Et il en cassa une, en souhaitant qu’elle lui procurât une barque pour franchir la mer. Et la barque demandée arriva aussitôt. Mais elle manquait d’agrès et de matelots. Il cassa une seconde noisette, en demandant que la barque fût munie d’agrès, de matelots et de tout ce qu’il fallait pour une longue navigation. Ce qui fut fait à l’instant Alors, quand il se fut assuré qu’il ne manquait plus rien, il fit dresser les voiles, et partit. La mer était belle et la navigation fut d’abord heureuse. Mais ensuite une tempête effroyable survint, et la barque alla se briser contre un rocher, en vue d’un château bâti sur une haute falaise. Le prince fut d’abord submergé, puis il revint sur l’eau et cassa sa troisième noisette, en souhaitant d’être vu et secouru du château. Ce château était celui des parents d’Arzur. Arzur lui-même, du haut de sa tour, avait assisté au naufrage, et, voyant un homme qui luttait péniblement contre le vagues furieuses, il éluda la surveillance de ses gardiens, descendit au rivage, se jeta à l’eau et sauva le naufragé. Il l’emmena au château, lui donna des vêtements et le soigna comme un frère. Le prince se sentait retenu là par un lien secret. Cependant, au bout de quelques jours, il parla de se remettre en route. Mais Arzur, qui, de son côté, se sentait attiré vers lui et l’aimait déjà, le pria instamment de rester, et il céda facilement. Ils furent bientôt grands amis et se firent leurs confidences. Le Prince raconta son aventure dans l’île, où il avait tué un géant et refusé d’épouser une belle princesse que le monstre retenait captive. Pourquoi donc n’avez-vous pas amené avec vous cette belle princesse ? lui demanda Arzur.

— Ce n’est pas une femme que je cherche, répondit-il, mais un ami, presque un frère, que j’ai je ne sais où, mais vers lequel je me sens attiré par je ne sais quelle puissance secrète, et je n’aurai le repos et ne cesserai de courir le monde que lorsque je l’aurai trouvé.

— Moi, dit Arzur, je suis relégué dans cette tour, que je n’ose quitter, parce que, le jour de ma naissance, deux moines mendiants qui avaient reçu l’hospitalité, pour une nuit, dans le château, prétendirent que j’étais né sous une mauvaise étoile, et que si j’atteignais ma vingt et unième année, je serais tué, le jour même, par un inconnu, venu d’un pays lointain, et qui se nomme le Prince Mauvais. Or, dans quelques jours, j’atteindrai ma vingt et unième année.

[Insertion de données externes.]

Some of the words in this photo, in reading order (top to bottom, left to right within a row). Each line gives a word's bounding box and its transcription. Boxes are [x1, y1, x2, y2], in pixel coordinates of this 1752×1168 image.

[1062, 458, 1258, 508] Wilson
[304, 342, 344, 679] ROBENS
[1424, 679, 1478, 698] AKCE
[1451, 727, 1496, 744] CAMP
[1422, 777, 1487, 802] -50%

Restez donc ici, avec moi, jusqu’à ce que le terme fatal soit révolu, et, s’il ne m’arrive malheur, je vous accompagnerai dans vos voyages, et nous vivrons toujours en bons amis, jusqu’à la mort.

Le Prince fut frappé de cette révélation ; mais il ne le laissa pas paraître et ne se fit pas connaître, bien résolu à faire mentir la prédiction du moine, et enchanté de pouvoir avoir bientôt pour compagnon de voyage celui qui lui avait sauvé la vie et pour lequel il n’éprouvait d’autre sentiment que de la reconnaissance et une vive affection.

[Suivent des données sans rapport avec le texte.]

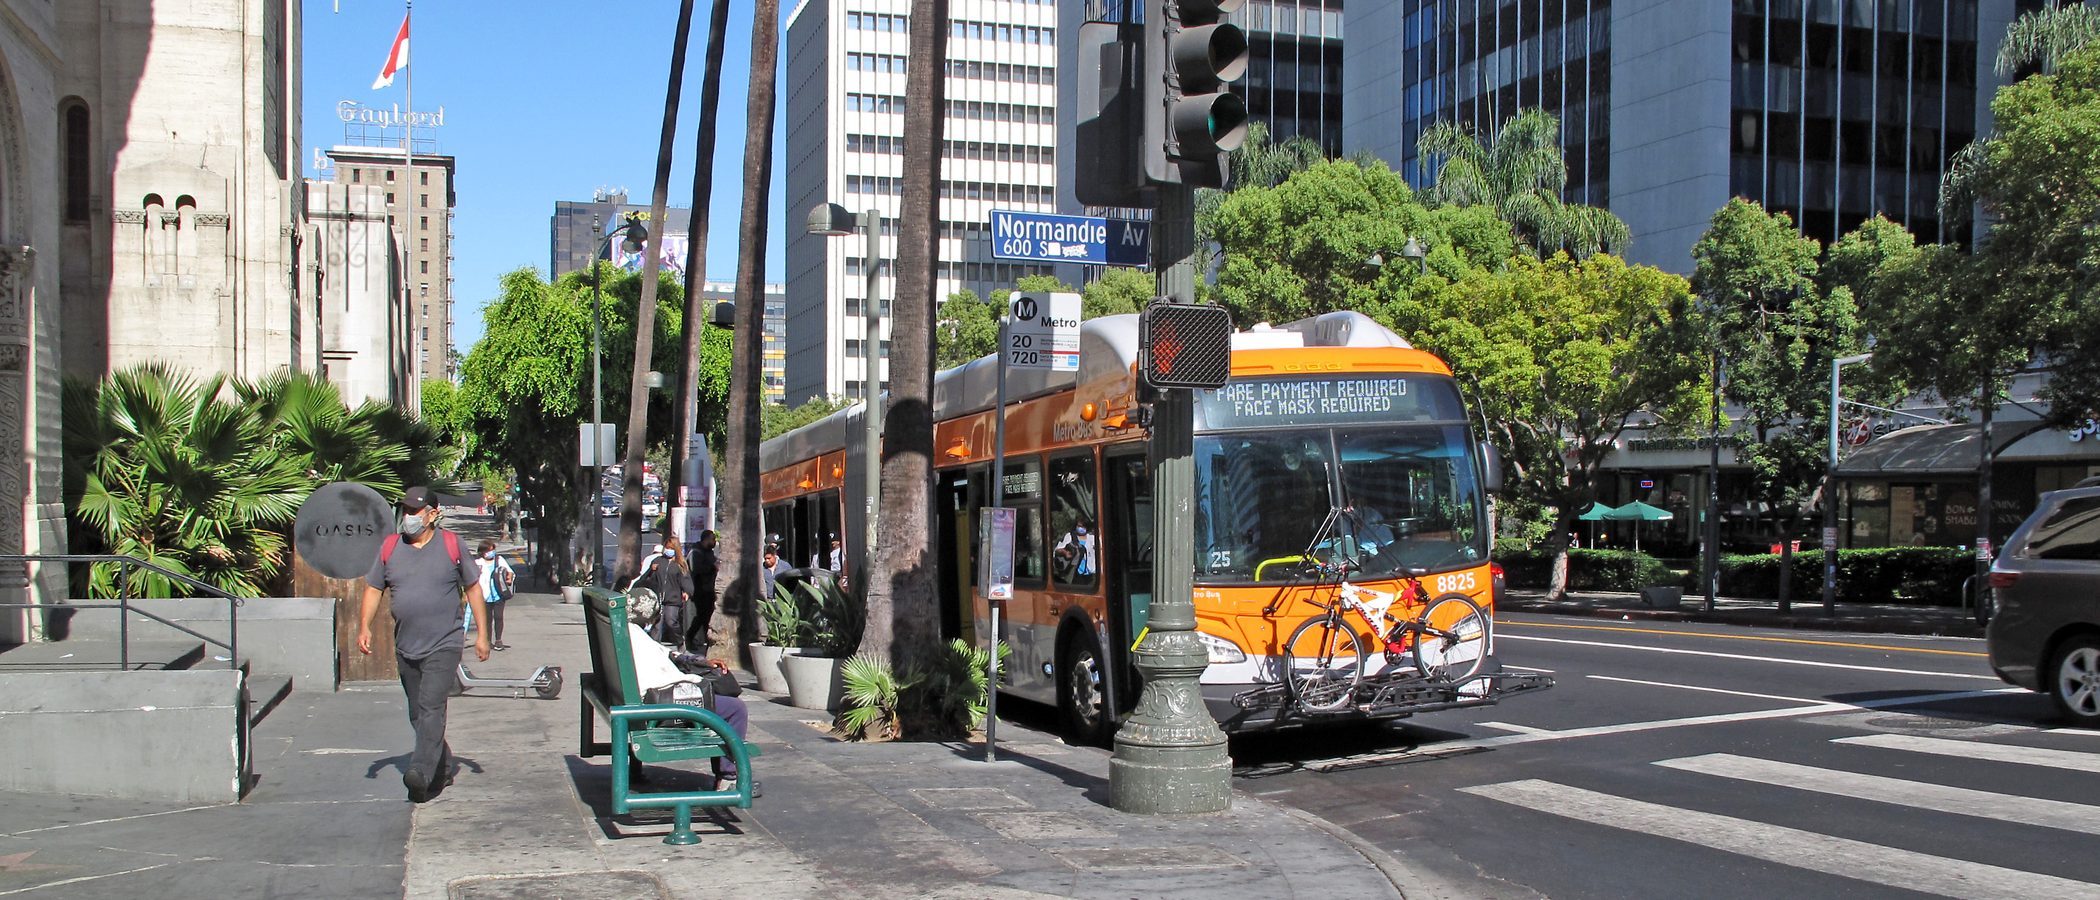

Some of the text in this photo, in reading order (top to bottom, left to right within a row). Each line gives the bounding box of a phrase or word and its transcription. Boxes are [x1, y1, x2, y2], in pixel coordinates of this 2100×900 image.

[336, 100, 445, 128] Gaylord
[998, 213, 1145, 247] Normandie Av
[1003, 238, 1048, 257] 600 S
[1040, 316, 1077, 328] Metro
[1012, 335, 1032, 348] 20
[1011, 351, 1038, 364] 720
[1217, 378, 1407, 401] FARE PAYMENT REQUIRED
[1234, 396, 1391, 417] FACE MASK REQUIRED
[1053, 419, 1093, 442] Metro Bus
[316, 524, 375, 537] OASIS
[1211, 550, 1231, 568] 25
[1437, 572, 1476, 593] 8825
[1193, 591, 1205, 599] tro

La veille du jour où devait s’achever sa vingt et unième année, Arzur se sentit fortement indisposé, et il se mit au lit. Il avait la fièvre, et, à mesure que la nuit avançait, elle redoublait d’intensité. Le prince le veillait et lui prodiguait ses soins. Un peu après minuit, Arzur, tourmenté par une grande soif, pria son ami de lui aller cueillir une orange dans le jardin du château, le Prince s’empressa d’accomplir son désir et revint bientôt avec une orange. Il s’assit sur le bord du lit pour la peler, en s’aidant de la pointe son épée, n’ayant pas de couteau sous la main. Or, c’était l’épée avec laquelle il avait tué le géant, et qui était empoisonnée. Aussi, dès qu’Arzur eut mangé l’orange, il se mit à vomir, à se ftrdre de douleur, et il mourut bientôt dans les plus cruelles souffrances.

— Ah ! s’écria-t-il en mourant, la prédiction du moine s’accomplit ! car yous devez être le Prince Mauvais, et c’est moi-même qui vous ai introduit près de moi, pour mon malheur ! Ce qui prouve que le sort de chacun de nous est fixé, dès l’heure de sa naissance, et que, quoi qu’il fasse, nul ne peut l’éviter.

Conté par Marguerite Philippe, à Kercabin, le 18 septembre 1888.